I need to extract all subsequences of a time series / array of a given window. For instance:
>>> ts = pd.Series([0, 1, 2, 3, 4, 5, 6, 7, 8, 9]) >>> window = 3 >>> subsequences(ts, window) array([[0, 1, 2], [1, 2, 3], [2, 3, 4], [3, 4, 5], [4, 5, 6], [5, 6, 7], [5, 7, 8], [6, 8, 9]])
Naive methods that iterate over a sequence are, of course, expensive, for example:
def subsequences(ts, window): res = [] for i in range(ts.size - window + 1): subts = ts[i:i+window] subts.reset_index(drop=True, inplace=True) subts.name = None res.append(subts) return pd.DataFrame(res)
I found a better way by copying the sequence, shifting it to a different value until the window is closed, and dividing the different sequences into reshape . Performance is about 100 times better because a for loop iterates over the size of the window, not the size of the sequence:
def subsequences(ts, window): res = [] for i in range(window): subts = ts.shift(-i)[:-(ts.size%window)].reshape((ts.size // window, window)) res.append(subts) return pd.DataFrame(np.concatenate(res, axis=0))
I saw that pandas includes several rolling functions in the pandas.stats.moment module, and I assume that they do it somehow seems like a subsequence problem. Is there anywhere in this module or elsewhere in pandas to make this more efficient?
Thanks!
UPDATE (SOLUTION):
Based on @elyase's answer, there is a slightly simpler implementation for this particular case, let me write it here and explain what it does:
def subsequences(ts, window): shape = (ts.size - window + 1, window) strides = ts.strides * 2 return np.lib.stride_tricks.as_strided(ts, shape=shape, strides=strides)
Given a 1-D numpy array, we first compute the shape of the resulting array. We will have a line starting at each position of the array, with the exception of only the last few elements, at which their launch will not be enough to fill the window.

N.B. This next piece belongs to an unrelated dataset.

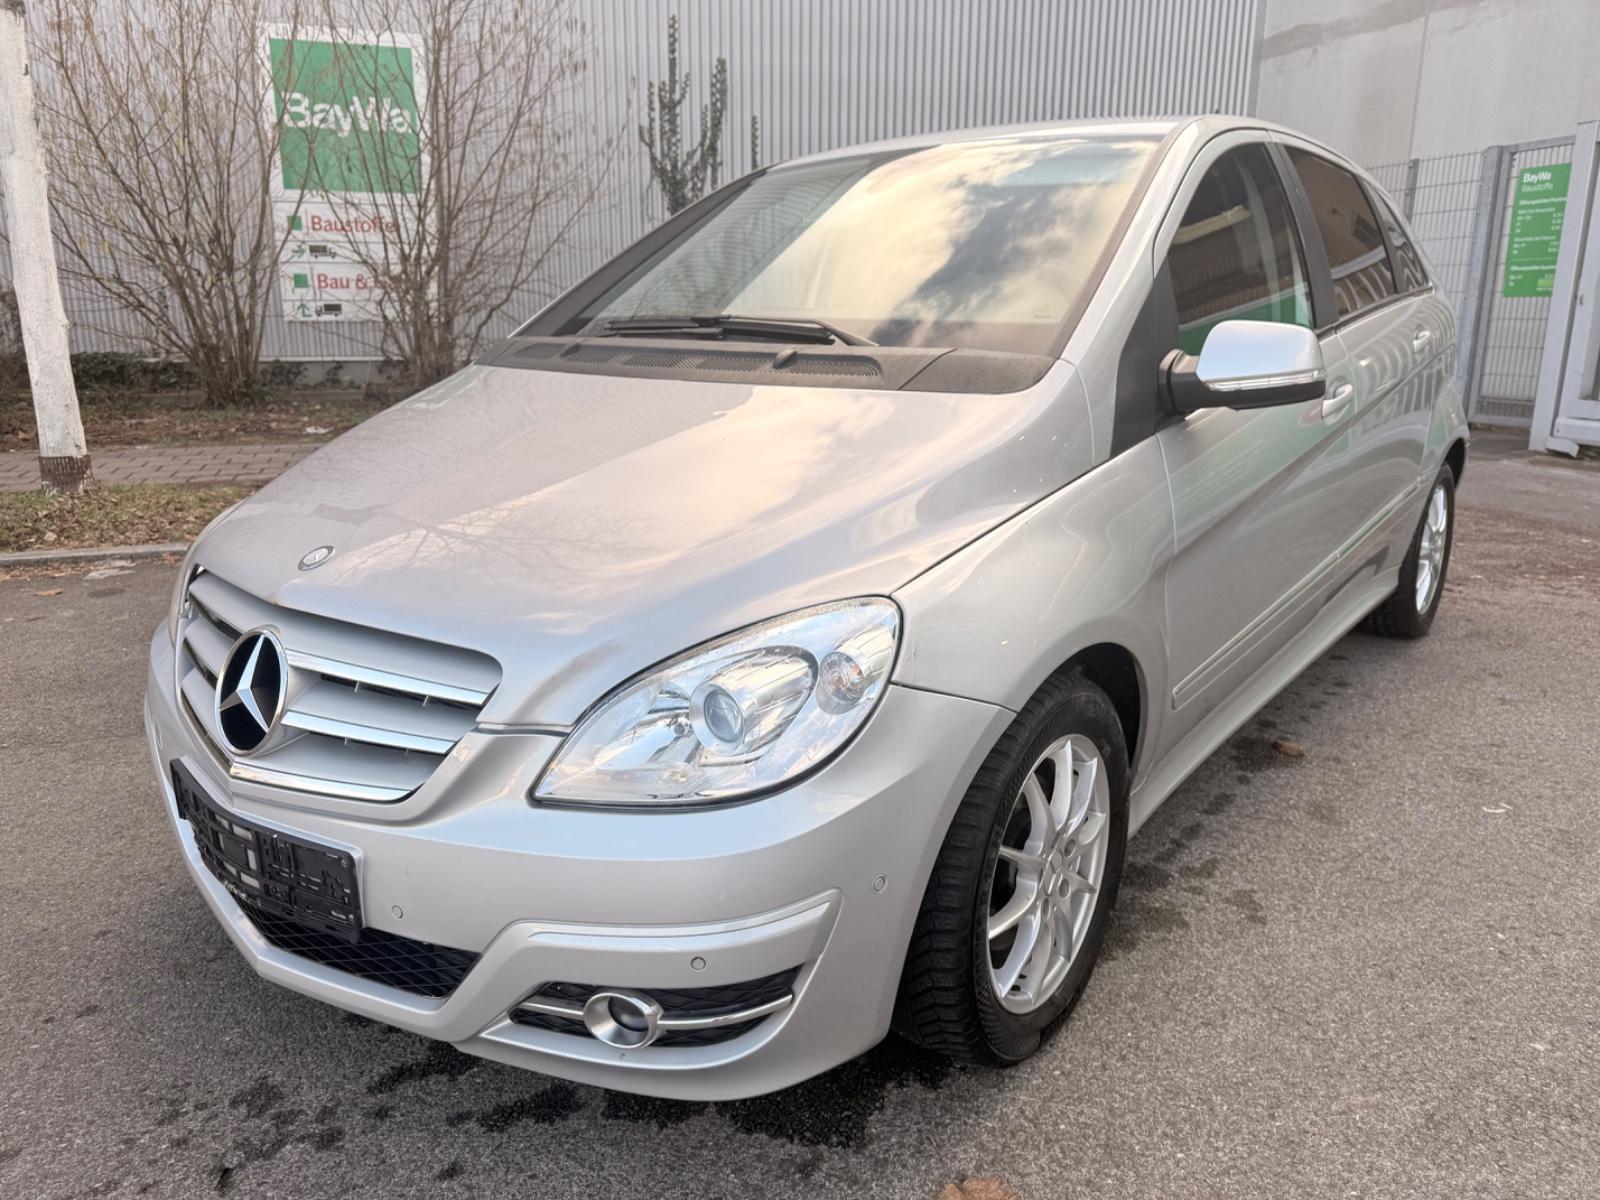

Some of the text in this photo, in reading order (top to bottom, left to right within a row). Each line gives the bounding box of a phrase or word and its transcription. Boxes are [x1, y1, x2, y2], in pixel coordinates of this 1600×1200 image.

See the first example in this description for the last number we start is 6, because starting at 7 we cannot create a window of three elements. Thus, the number of lines is the size minus the window plus one. The number of columns is just a window.
Next, the tricky part describes how to populate the resulting array using the form you just defined.
We believe that the first element will be the first. Then we need to specify two values โโ(in the court of two integers as an argument to the strides parameter). The values โโdetermine the steps that we must perform in the original array (one-dimensional) to fill the second (two-dimensional).
Consider another example where we want to implement the np.reshape function from an array of 9 1-D elements to a 3x3 array. The first element fills the first position, and then, to the right of it, will be the next in the 1-D array, so we will move 1 step. Then, the difficult part, to fill the first element of the second row, we have to take 3 steps, from 0 to 4, see
>>> original = np.array([0, 1, 2, 3, 4, 5, 6, 7, 8]) >>> new = array([[0, 1, 2], [3, 4, 5], [6, 7, 8])]
So, before reshape our steps for two dimensions will be (1, 3) . For our case, when it exists, overlapping, it is actually easier. When we go right to fill the resulting array, we start from the next position in the 1-D array, and when we move to the right, we get the next element again, so 1 step, in the 1-D array. So the steps will be (1, 1) .
Only one last thing left. The strides argument strides not accept the โstepsโ we used, but instead the bytes in memory. To recognize them, we can use the strides method of strides arrays. It returns a tuple with steps (steps in bytes) with one element for each dimension. In our case, we get 1 element of the tuple, and we want it twice, so we have * 2 .
The np.lib.stride_tricks.as_strided function performs filling using the described method without copying data, which makes it quite efficient.
Finally, note that the function posted here assumes a 1-D input array (which differs from a two-dimensional array with 1 element in the form of a row or column). See the Input Array Shape Method, and you should get something like (N, ) , not (N, 1) . This method failed on the latter. Please note that the method posted by @elyase processes two dimensional input arrays (why this version is a bit simpler).